Thomas McKinnon only smiled what he no doubt deemed to be an understanding smile. Then he turned to Ambrose and asked questions that gave no indication that he hadn’t been listening fully and without distraction.
Connor looked over Thomas’s head to find Victoria watching him as well. She looked at him gravely for a moment or two before she turned back to the stove.
Friends?
The saints pity him, he was past that.
He thought to examine when and where that might have happened, but he was interrupted by the back door flinging open.
Hugh and Fulbert disappeared with a squeak.
Mrs. Pruitt stood there, dressed in black, her ample bosom heaving.
“He’s gone,” she blurted out.
“What?” Thomas asked.
“Who is gone?” Ambrose asked, then he froze, as if he realized that he had made a grave tactical error.
Mrs. Pruitt fixed her frantic gaze upon Ambrose and her eyes widened even more, if possible. She felt her way across the kitchen and sank into the chair next to him.
“Laird MacLeod,” she said reverently.
“Ah,” Ambrose said, looking around wildly for an escape.
“I can hardly believe ’tis you,” she said, patting her hair quickly. “And me so undone.”
“Good woman, what did you say earlier,” Ambrose said, sounding quite desperate. “Something about someone being gone?”
“Oh, I did, didn’t I?” she said, surreptitiously checking the corners of her mouth.
For froth, apparently, Connor thought sourly.
“Aye, you did,” Ambrose said politely. “Didn’t she, Thomas? And you’ve met Laird MacDougal, haven’t you?”
Connor glared at Ambrose, then turned his least ferocious frown on the innkeeper. “Good morn to you, Mistress Pruitt,” he said.
Mrs. Pruitt seemed to be having trouble breathing.
“Mrs. Pruitt, can I get you a glass of something?” Thomas asked.
Victoria rose and disappeared into the dining room. She came back a moment or two later with a small glass of something Connor suspected was not tea. She handed it to Mrs. Pruitt without delay.
Mrs. Pruitt tossed it back without a flinch.

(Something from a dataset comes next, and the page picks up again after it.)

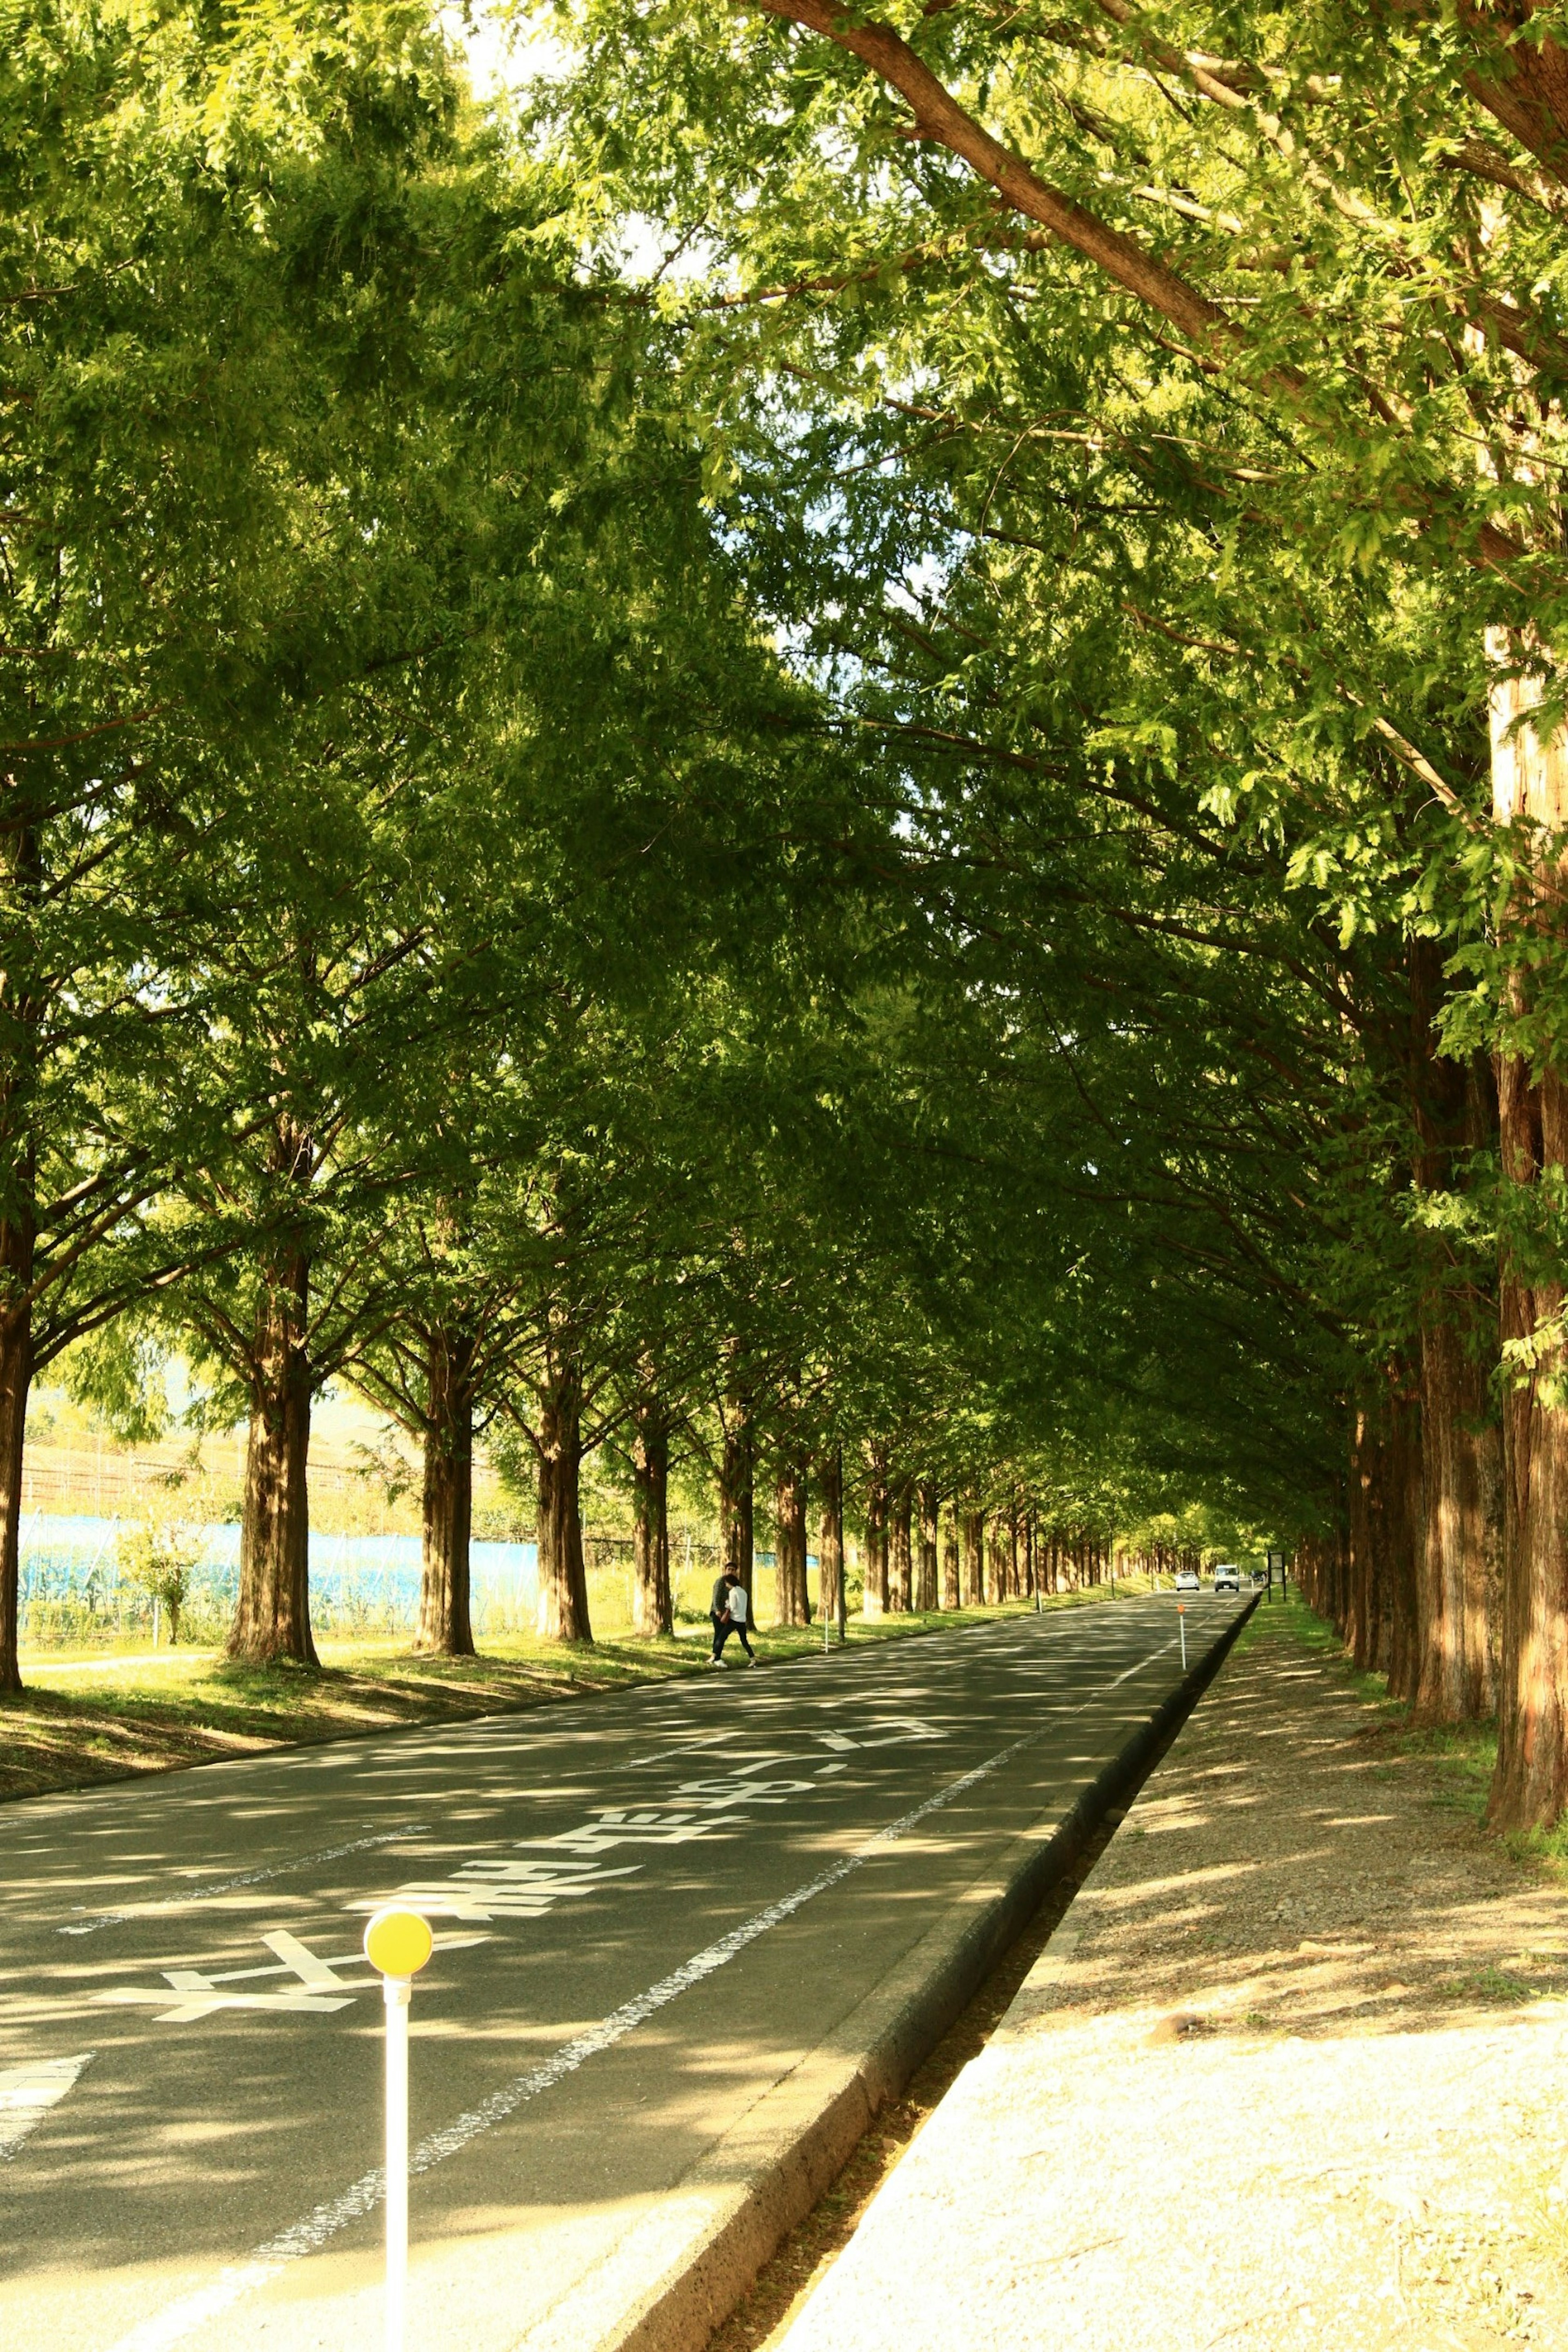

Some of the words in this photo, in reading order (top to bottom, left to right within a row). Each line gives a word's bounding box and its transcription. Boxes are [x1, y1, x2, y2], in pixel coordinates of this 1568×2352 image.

[89, 1754, 849, 2022] 交差点あり

“Mr. Fellini is gone,” she said, dragging her sleeve across her mouth in a businesslike fashion. “And I would have it on tape, but the blighter seems to have made off with me equipment!”

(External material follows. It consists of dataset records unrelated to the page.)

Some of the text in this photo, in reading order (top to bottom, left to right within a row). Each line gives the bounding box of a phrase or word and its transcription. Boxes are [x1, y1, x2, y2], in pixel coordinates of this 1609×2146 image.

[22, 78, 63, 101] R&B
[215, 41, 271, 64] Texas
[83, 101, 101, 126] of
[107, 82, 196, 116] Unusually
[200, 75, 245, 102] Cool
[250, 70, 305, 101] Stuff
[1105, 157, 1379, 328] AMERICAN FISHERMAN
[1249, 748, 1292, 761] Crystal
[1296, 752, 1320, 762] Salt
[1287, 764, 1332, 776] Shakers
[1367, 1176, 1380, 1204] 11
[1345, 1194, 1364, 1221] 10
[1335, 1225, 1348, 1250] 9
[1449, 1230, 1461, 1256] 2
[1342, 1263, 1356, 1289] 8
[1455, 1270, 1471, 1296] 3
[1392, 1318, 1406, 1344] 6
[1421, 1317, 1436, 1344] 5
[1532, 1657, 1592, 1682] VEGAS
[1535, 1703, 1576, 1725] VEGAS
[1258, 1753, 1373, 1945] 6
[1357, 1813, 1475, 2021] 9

Victoria sank back down into her chair. “Michael is gone?”
“Popped through that fairy ring, he did,” Mrs. Pruitt said with a nod. “Just as familiarly as ye please.”
Jamie cleared his throat. “Fairy ring?”
“Aye,” she said easily. “The one up the way in Farris’s potato field. I daresay I don’t believe all the rumors, but ’tis said that steppin’ in a ring will carry ye off where ye’ve no mind to go. I know I’d never venture in one.”
“And Michael did?” Victoria managed. “You saw him?”
“With me high-powered night goggles,” Mrs. Pruitt said. “And the only reason I have those left is that I keep them under me pillow in case I need them at a moment’s notice.” She slid Ambrose a look. “Never know when they’ll come in handy.”
Ambrose shivered.
“I followed ’im,” Mrs. Pruitt continued, “because he seemed so suspicious and I feared he was about to make mischief up the way at the castle.”
“That was masterfully done,” Thomas said approvingly. “We never would have known else.”
“Wonderful,” Victoria said with a sigh.
“He’ll need to be fetched,” Connor said.
“Why?” Victoria asked. “Maybe he took a turn at the Inquisition.”
“You have a keen sense of retribution,” Connor said admiringly.
“What goes around, comes around,” she agreed. She sighed and looked at Thomas. “Well, I guess we’re off for double duty.”
“Off where?” Mrs. Pruitt asked.
Connor watched everyone at the table go still. Then Thomas cleared his throat.
“Off to the village,” he said easily. “Unfortunately, we probably won’t be able to dig up any decent rumors about that fairy ring. I think if we had an idea of what’s possible, we might be able to figure out just what Mr. Fellini was up to. It’s just too bad we don’t have anyone with village connections—”
“I’ll go,” Mrs. Pruitt said, leaping to her feet and saluting. “And not only will I ferret out all the rumors, I’ll capture them on me video camera.”
“But I thought you said Michael had poached it,” Victoria reminded her.
Mrs. Pruitt sniffed. “Aye, me old one. A newfangled digital recorder arrived this morning. I’ll be about reading the directions for it forthwith, then make me way stealthily down to the village later this afternoon, if that suits?”
“Wonderful, my good woman,” Ambrose said, bestowing a pleased smile upon her.
Mrs. Pruitt fluttered her eyelashes.
Connor recoiled in spite of himself. Why, the woman could terrify the most stern of souls with that bit of business.
He wondered, absently, if he could use a like technique and achieve the same results.
“I am away,” Mrs. Pruitt said, with one last lingering look of pure, unabashed desire cast Ambrose’s way before she exited stage left.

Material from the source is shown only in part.